# [Activity]
In the copy, every record below must appear exactly as given, and no picture may appear.

*** Data for this exercise Section Begins ***

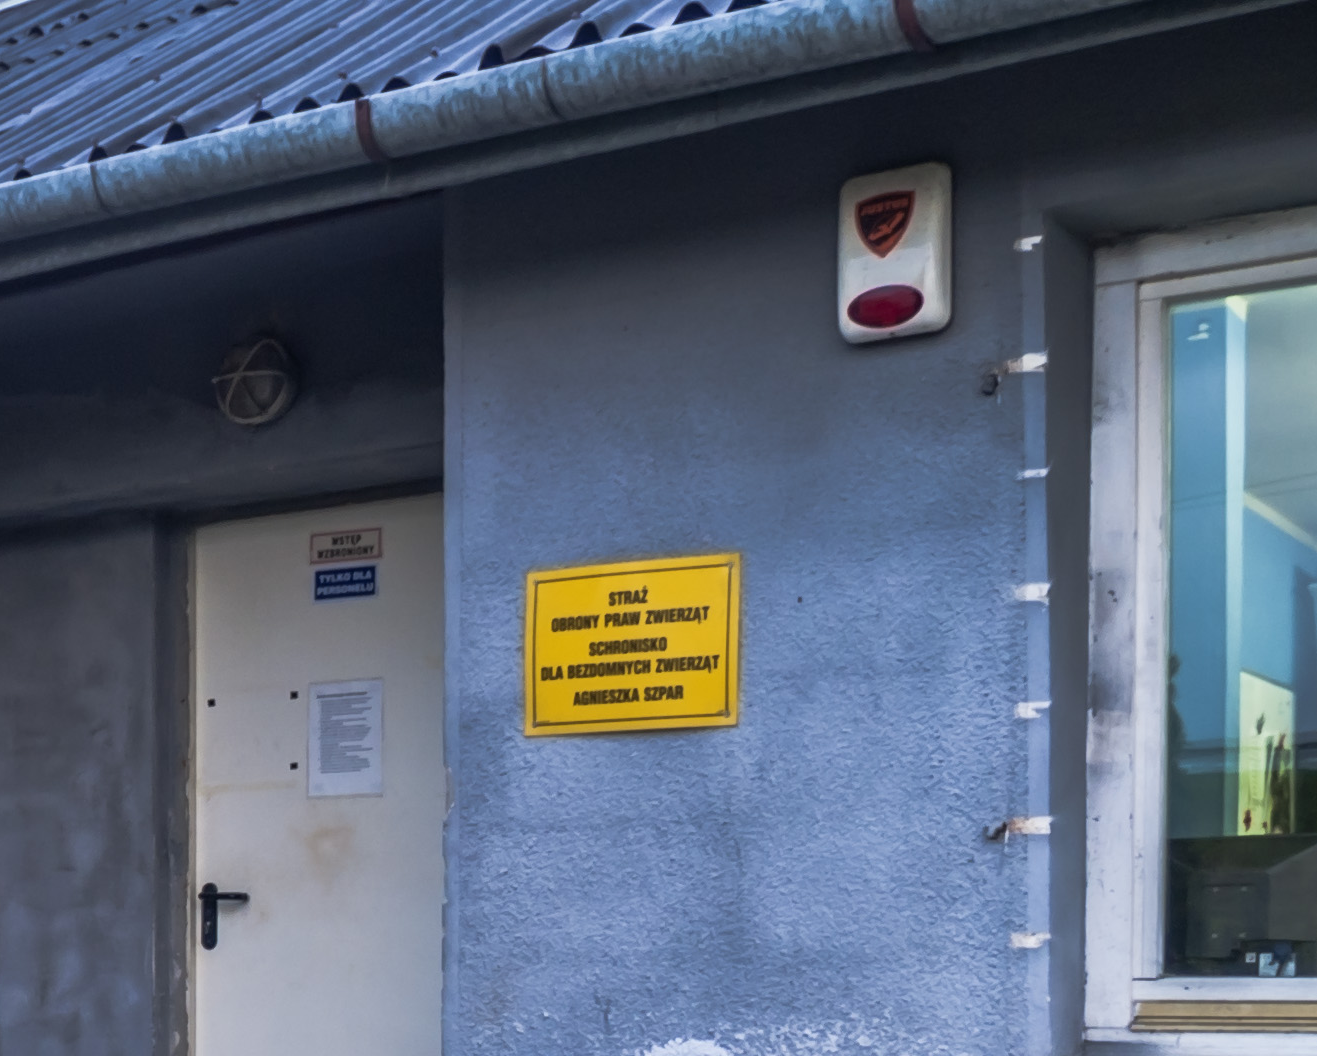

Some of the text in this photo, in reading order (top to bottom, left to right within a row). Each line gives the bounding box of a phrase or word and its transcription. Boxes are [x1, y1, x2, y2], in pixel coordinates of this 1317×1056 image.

[319, 572, 351, 584] TYLKO
[608, 585, 649, 607] STRAŻ
[551, 606, 710, 633] OBRONY PRAW ZWIERZĄT
[588, 637, 668, 657] SCHRONISKO
[540, 654, 720, 681] DLA BEZDOMNYCH ZWIERZĄT
[573, 685, 684, 706] AGNIESZKA SZPAR
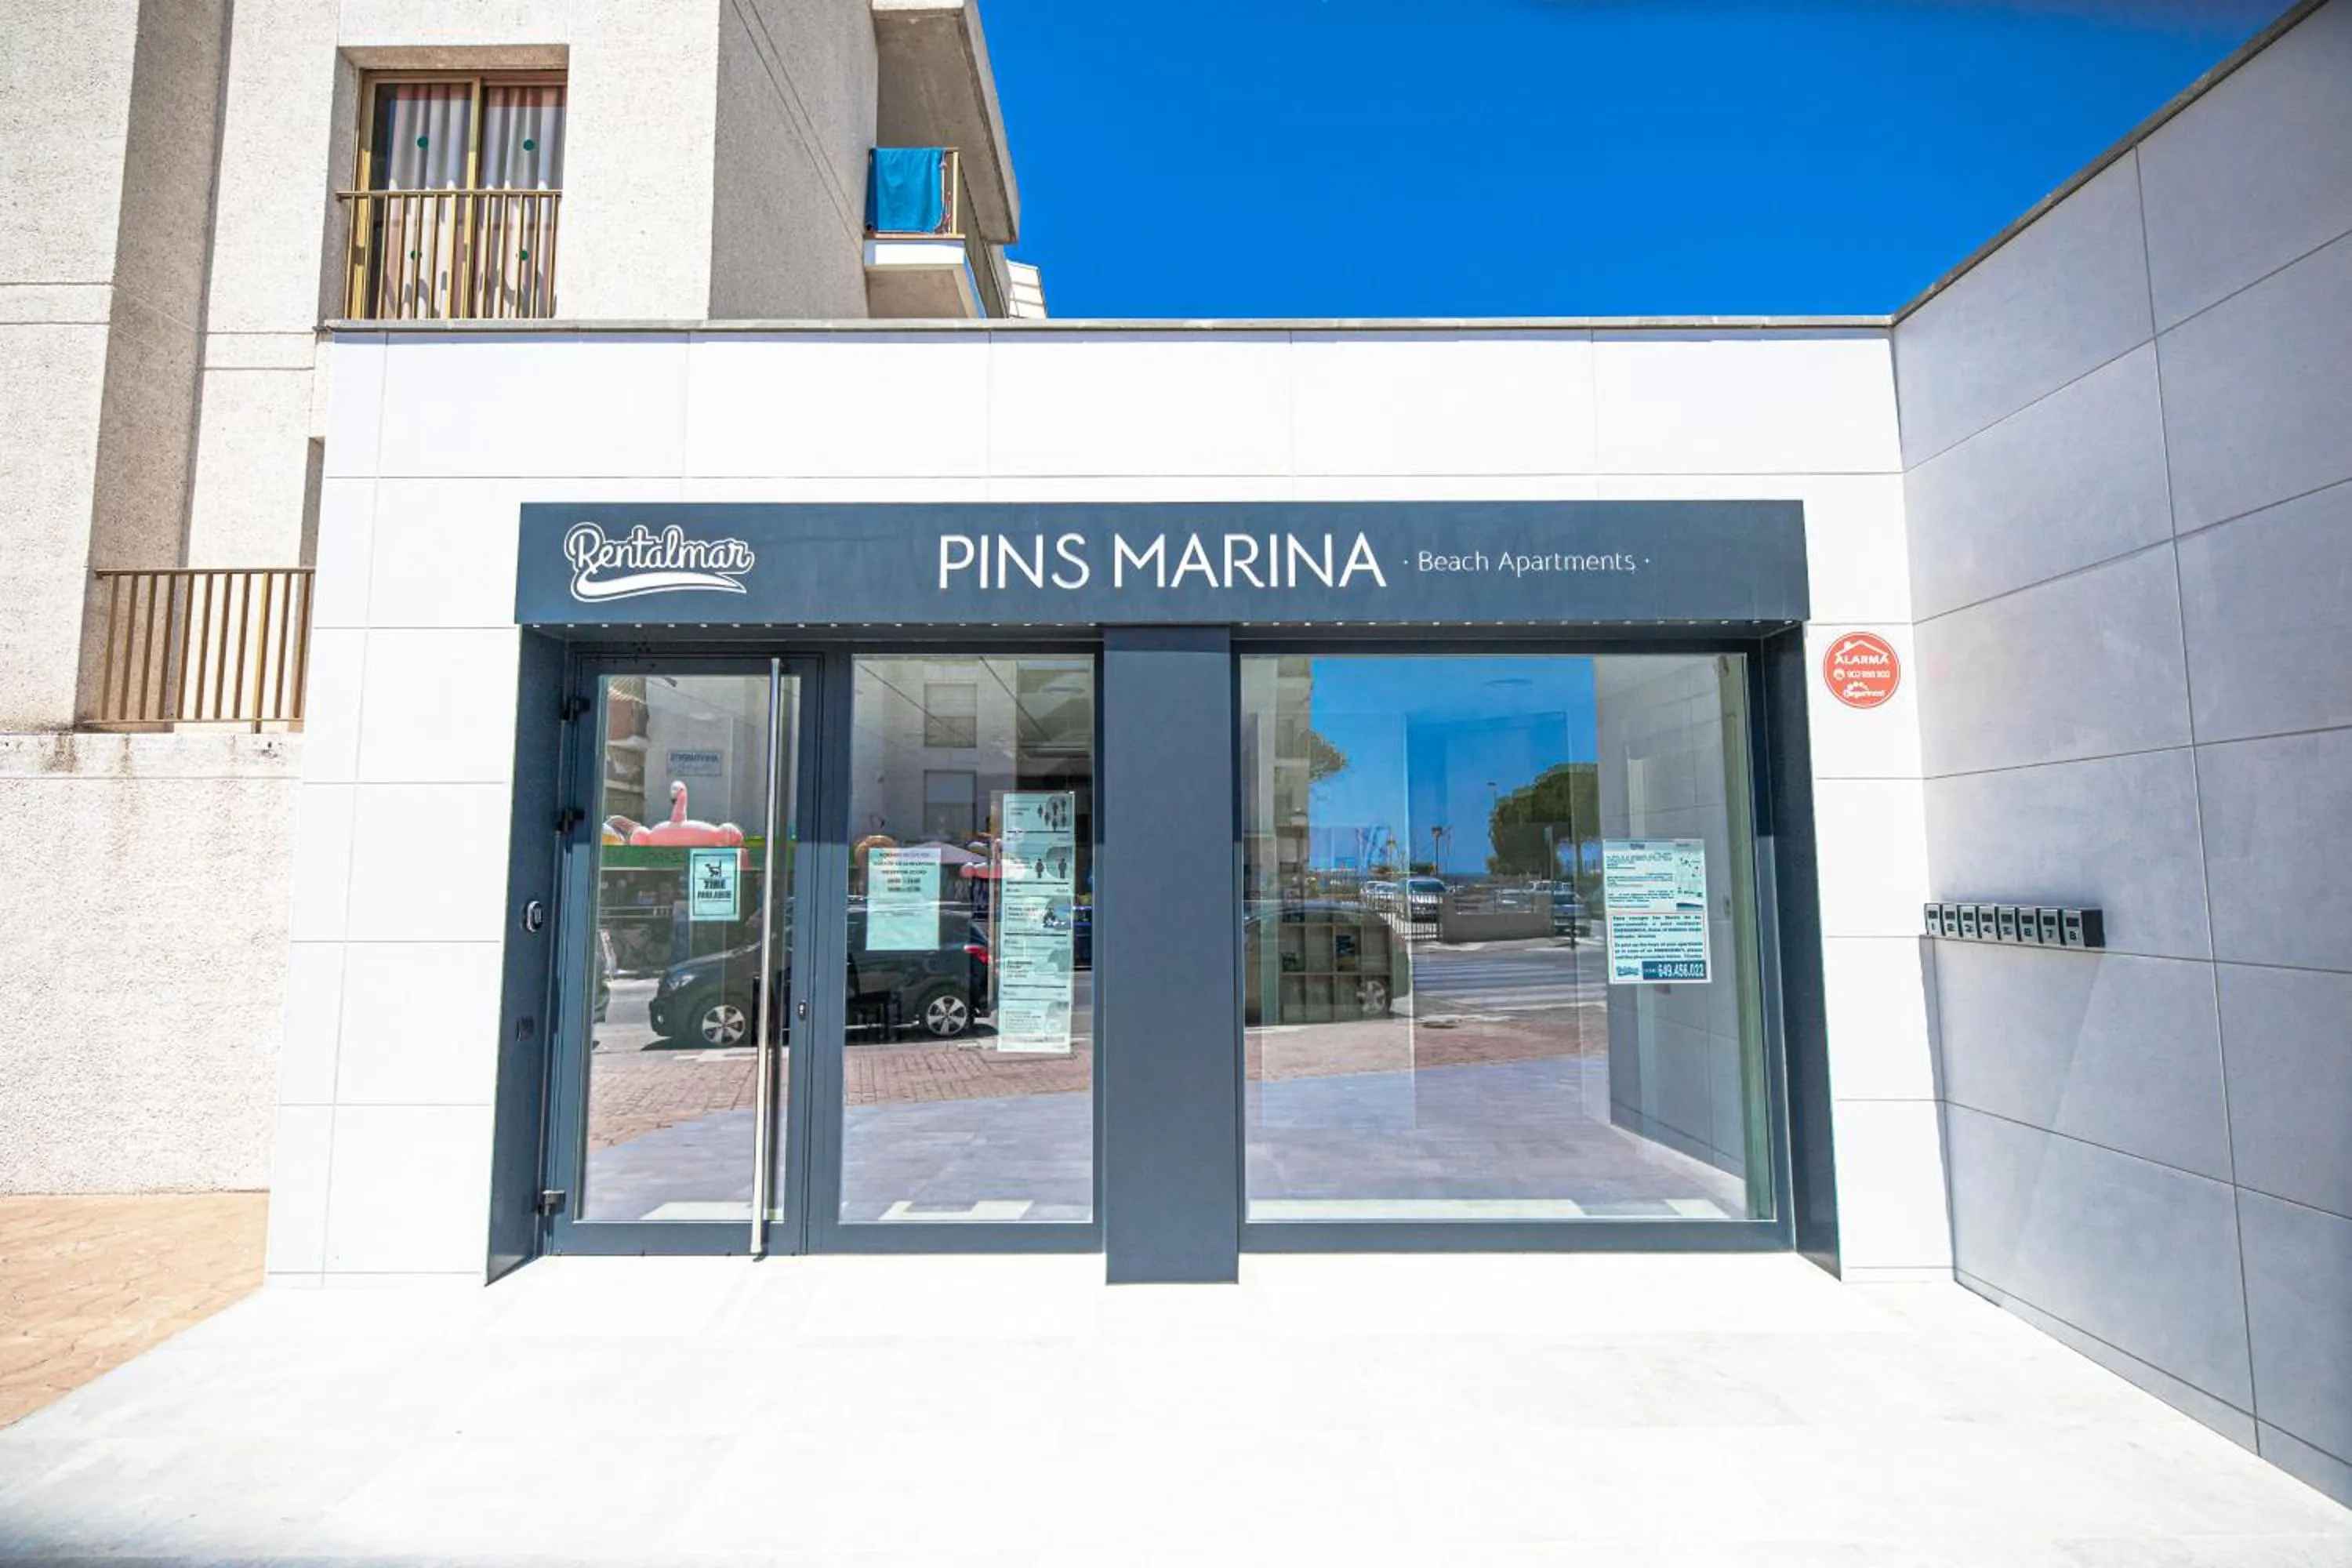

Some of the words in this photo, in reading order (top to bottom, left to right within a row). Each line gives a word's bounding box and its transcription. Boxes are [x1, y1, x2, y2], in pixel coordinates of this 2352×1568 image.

*** Data for this exercise Section Ends ***

# [Solution]
Some of the text in this photo, in reading order (top to bottom, left to right within a row). Each line gives the bounding box of a phrase or word and its transcription. Boxes are [x1, y1, x2, y2], in pixel coordinates of this 1317×1056 image.

[319, 572, 351, 584] TYLKO
[608, 585, 649, 607] STRAŻ
[551, 606, 710, 633] OBRONY PRAW ZWIERZĄT
[588, 637, 668, 657] SCHRONISKO
[540, 654, 720, 681] DLA BEZDOMNYCH ZWIERZĄT
[573, 685, 684, 706] AGNIESZKA SZPAR

Some of the words in this photo, in reading order (top to bottom, left to right within a row). Each line gives a word's bounding box and its transcription. Boxes are [x1, y1, x2, y2], in pixel coordinates of this 2352×1568 image.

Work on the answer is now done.